COVID-19: Business Succession Planning

The COVID-19 pandemic has had a devastating impact on many of us. One thing that it has undoubtedly highlighted is that none of us are immortal and it has forced many business owners to think critically about whether they have suitable plans in place in the event that they pass away or become incapacitated.

While succession planning has always been important, many people tend to overlook it as being something that they’ll ‘get around to later’. However, as many businesses are now finding out, that can have catastrophic consequences if tragedy strikes when unprepared. We have witnessed significant disputes between families and owners that have resulted in substantial financial losses, the distressing breakdown of previously strong relationships and ultimately the closure of successful businesses. In our experience, the time and monetary outlay required to plan is almost always the cheapest and most prudent path to take.

Given the current uncertainty we now face, businesses who have yet to do so should strongly consider putting a business succession plan in place now.
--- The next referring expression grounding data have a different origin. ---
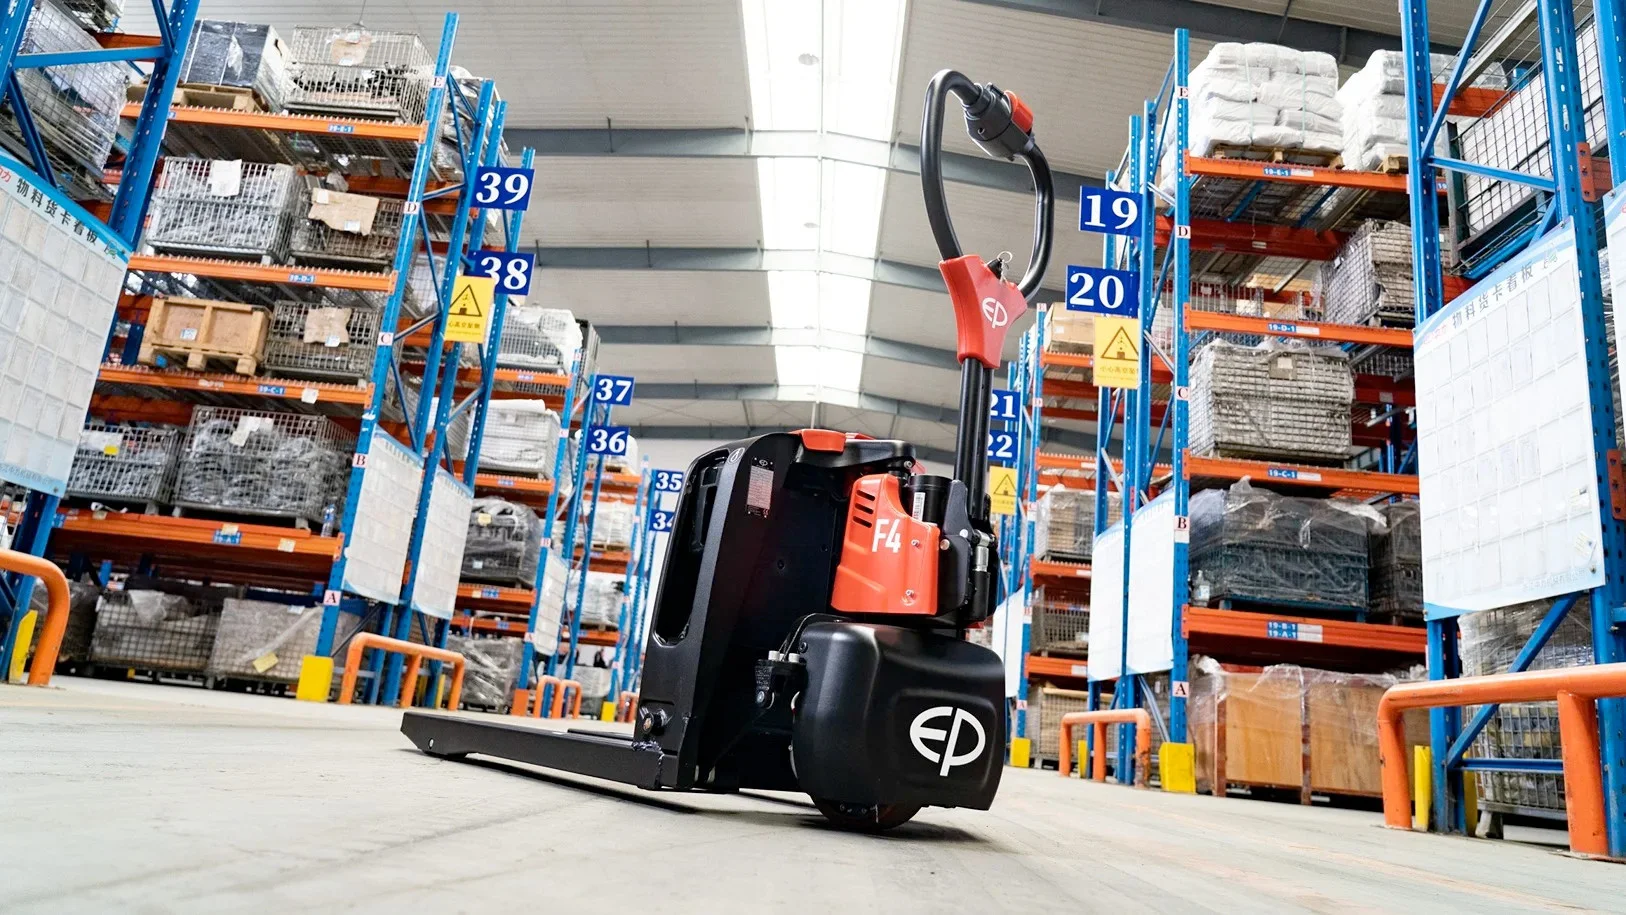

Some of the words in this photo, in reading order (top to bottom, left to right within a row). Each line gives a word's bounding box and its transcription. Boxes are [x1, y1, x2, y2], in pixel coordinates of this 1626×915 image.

[1180, 87, 1189, 97] E
[476, 172, 529, 205] 39
[16, 178, 98, 246] 物料货卡看板
[406, 203, 417, 213] D
[1084, 194, 1138, 230] 19
[1177, 226, 1188, 237] D
[481, 256, 529, 290] 38
[1069, 272, 1124, 309] 20
[1452, 260, 1534, 330] 物料货卡看板
[982, 297, 1008, 329] EP
[380, 333, 391, 344] C
[596, 378, 632, 402] 37
[1178, 387, 1188, 398] C
[590, 428, 626, 453] 36
[356, 455, 366, 466] B
[655, 472, 683, 491] 35
[653, 511, 674, 530] 3
[1177, 517, 1187, 529] B
[871, 518, 901, 553] F4
[326, 592, 337, 604] A
[1175, 684, 1187, 696] A
[909, 706, 987, 777] EP
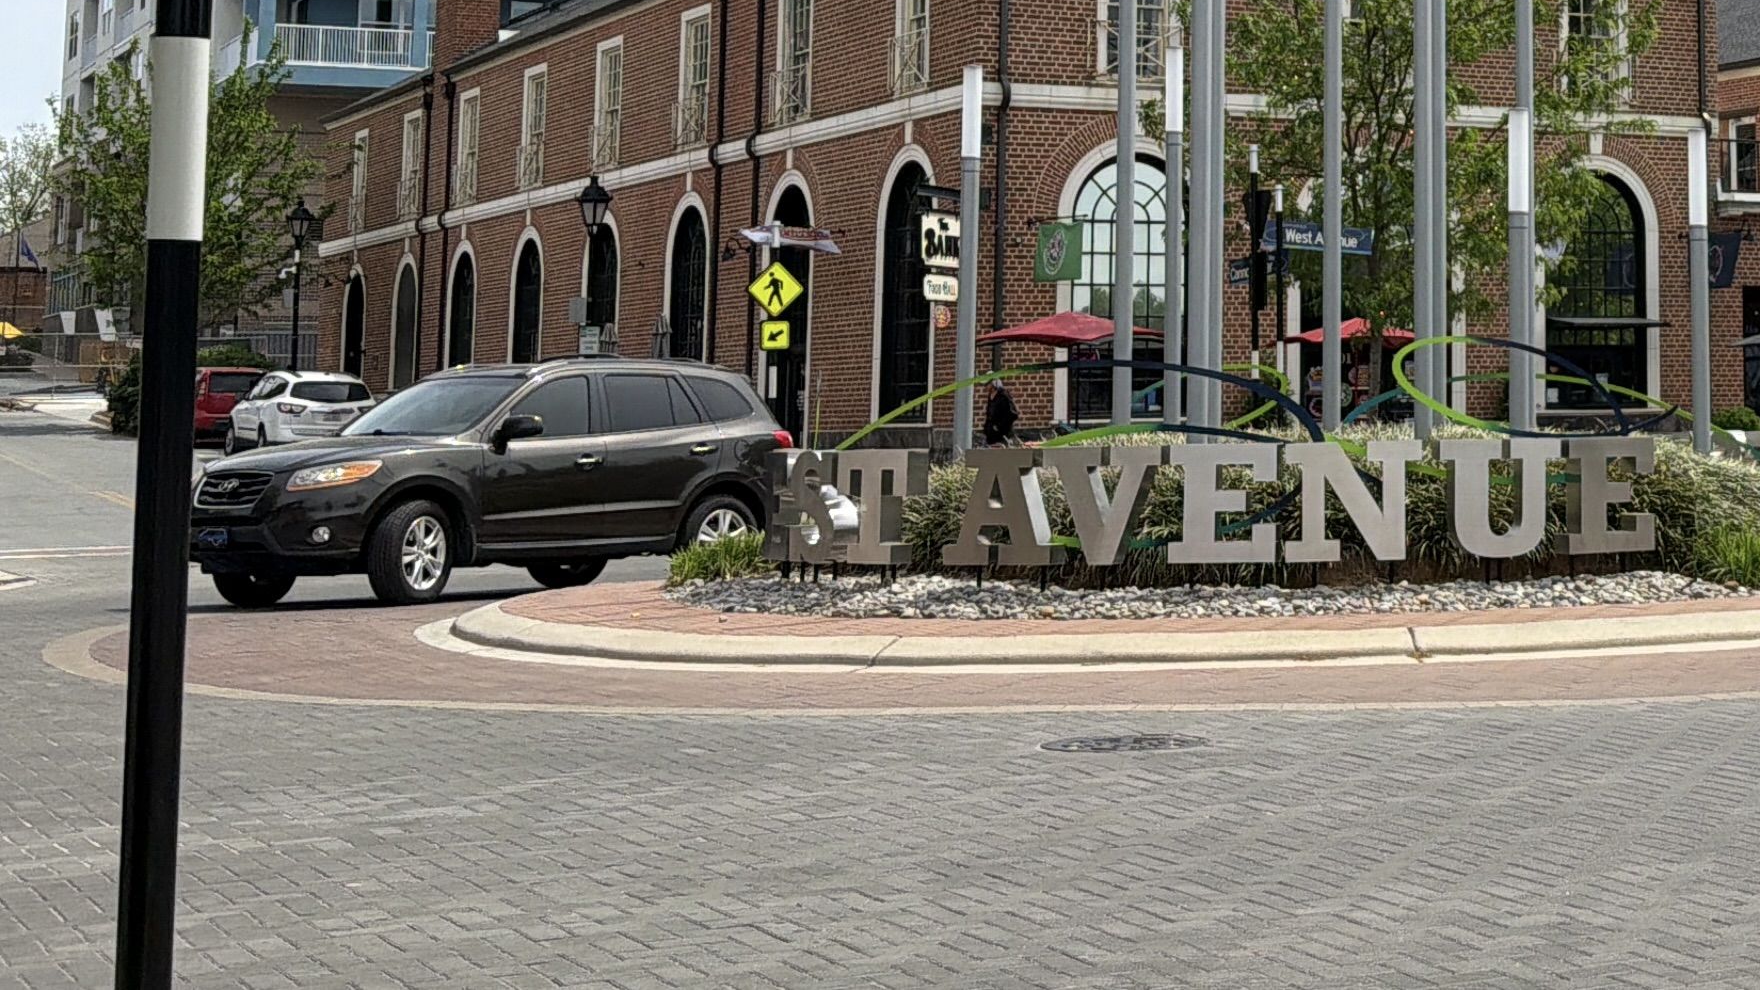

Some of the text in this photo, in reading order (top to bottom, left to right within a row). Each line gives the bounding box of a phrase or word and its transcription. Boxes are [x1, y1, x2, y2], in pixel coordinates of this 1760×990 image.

[1284, 228, 1359, 249] West Anue
[942, 437, 1656, 567] AVENUE
Those who already have a plan in place should review it and ensure it is up-to-date, functional and achieves the desired outcomes.
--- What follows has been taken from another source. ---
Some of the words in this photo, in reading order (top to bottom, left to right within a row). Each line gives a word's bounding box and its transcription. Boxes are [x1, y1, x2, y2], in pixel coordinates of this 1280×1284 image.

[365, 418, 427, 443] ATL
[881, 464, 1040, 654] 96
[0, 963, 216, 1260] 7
The succession planning process

Business succession plans should be tailored to suit each business. Owners need to consider and identify the individual needs of the business to determine the desired outcomes before putting in place the documentation to achieve those outcomes.

A comprehensive business succession plan should have procedures in place for not only the death of any of the directors or owners but also their incapacity, whether temporary or permanent. While mechanisms for passing control and ownership of assets are important, the plan should but also consider possible taxation implications and other risks, for example potential inheritance claims, that could potentially defeat the desired outcome being achieved.

Decision-making powers

While the passing of ownership of business assets and entities upon death is often at the forefront of people’s minds, one of the most important issues that should be considered is how the business would continue to make decisions in the event of the death or incapacity of one of its owners?
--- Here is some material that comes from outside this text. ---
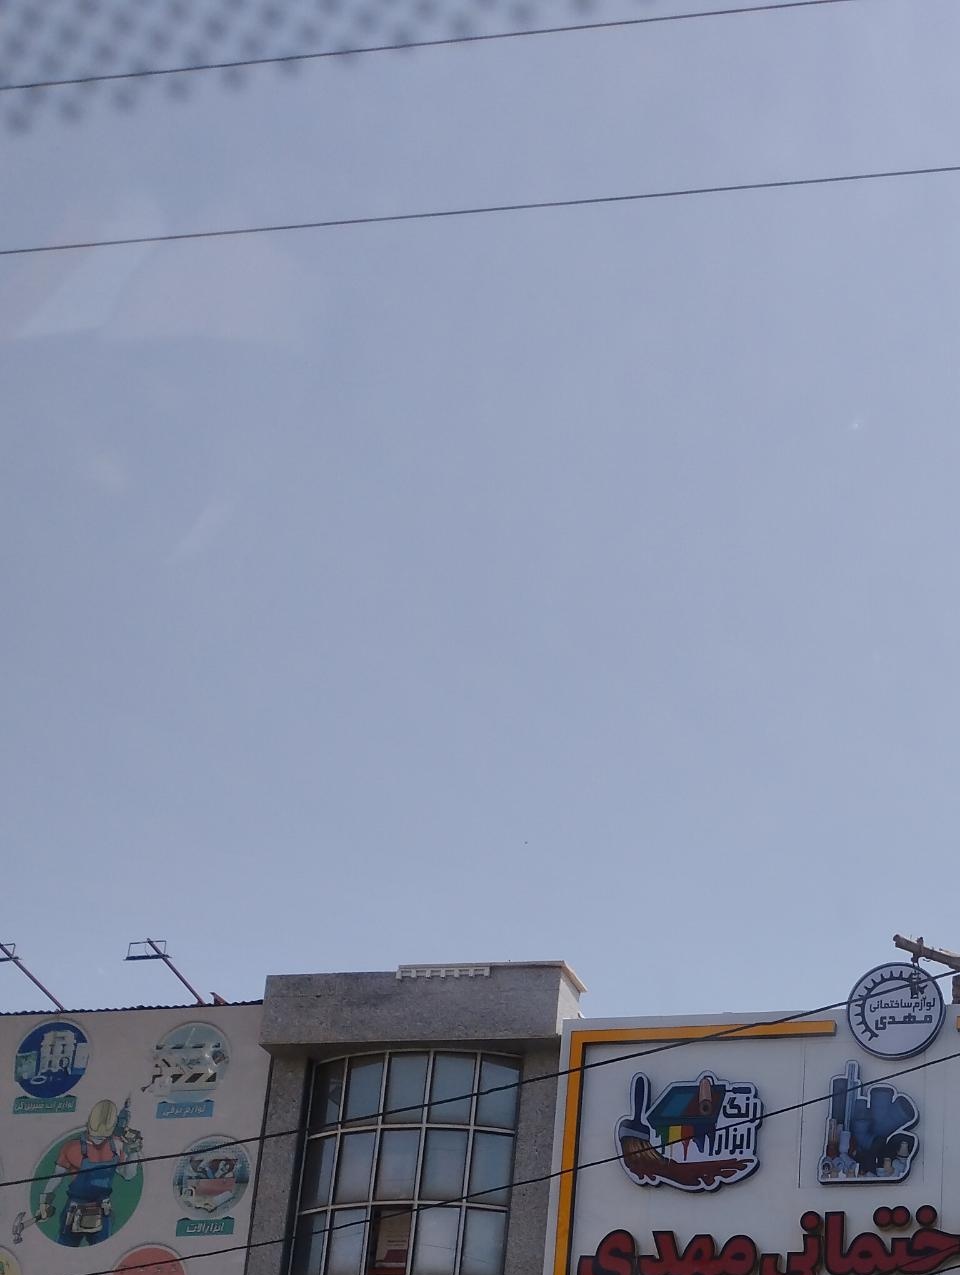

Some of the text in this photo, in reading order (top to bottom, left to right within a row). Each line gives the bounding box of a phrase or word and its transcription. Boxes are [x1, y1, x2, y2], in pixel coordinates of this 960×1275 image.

For example, if the business is carried on by a sole trader, have appropriate documents been entered into to confer on one or more persons the power to make decisions on behalf of the owner in the event of death or incapacity? Is that power conferred on a person or persons who have the appropriate skills to make decisions in respect of the business?

If the business is carried on by a company (either in its own right or as trustee of a trust), are there other directors who can continue to make decisions in the event of the death or incapacity of one of them? Does the constitution of the company contain a suitable mechanism to allow for the appointment of a replacement director? Is the director also a shareholder? Who has the power to exercise the rights of the shareholder in the event of incapacity or death?

What documents do I need?

While circumstances will be different depending on the objectives of each business owner, there are several tools that are commonly used to achieve the desired outcomes in the event of death or incapacity. This list and the examples given are not exhaustive, but some examples of the tools available include:

  Your Will

  • A Will is often the first document considered for the purposes of succession planning. Ensuring the provisions of a Will have been updated to accurately reflect and accommodate the wishes of the testator with respect to their assets and interests in other entities, and to ensure that its terms are consistent with the terms of any other succession planning documents, is critical. This includes ensuring that appropriate persons are appointed as executor, given that this person or persons will have control over the estate assets during administration of the estate. Inappropriate dealings with the assets by the executor could not only defeat the succession planning objectives, but may also trigger unintended tax consequences.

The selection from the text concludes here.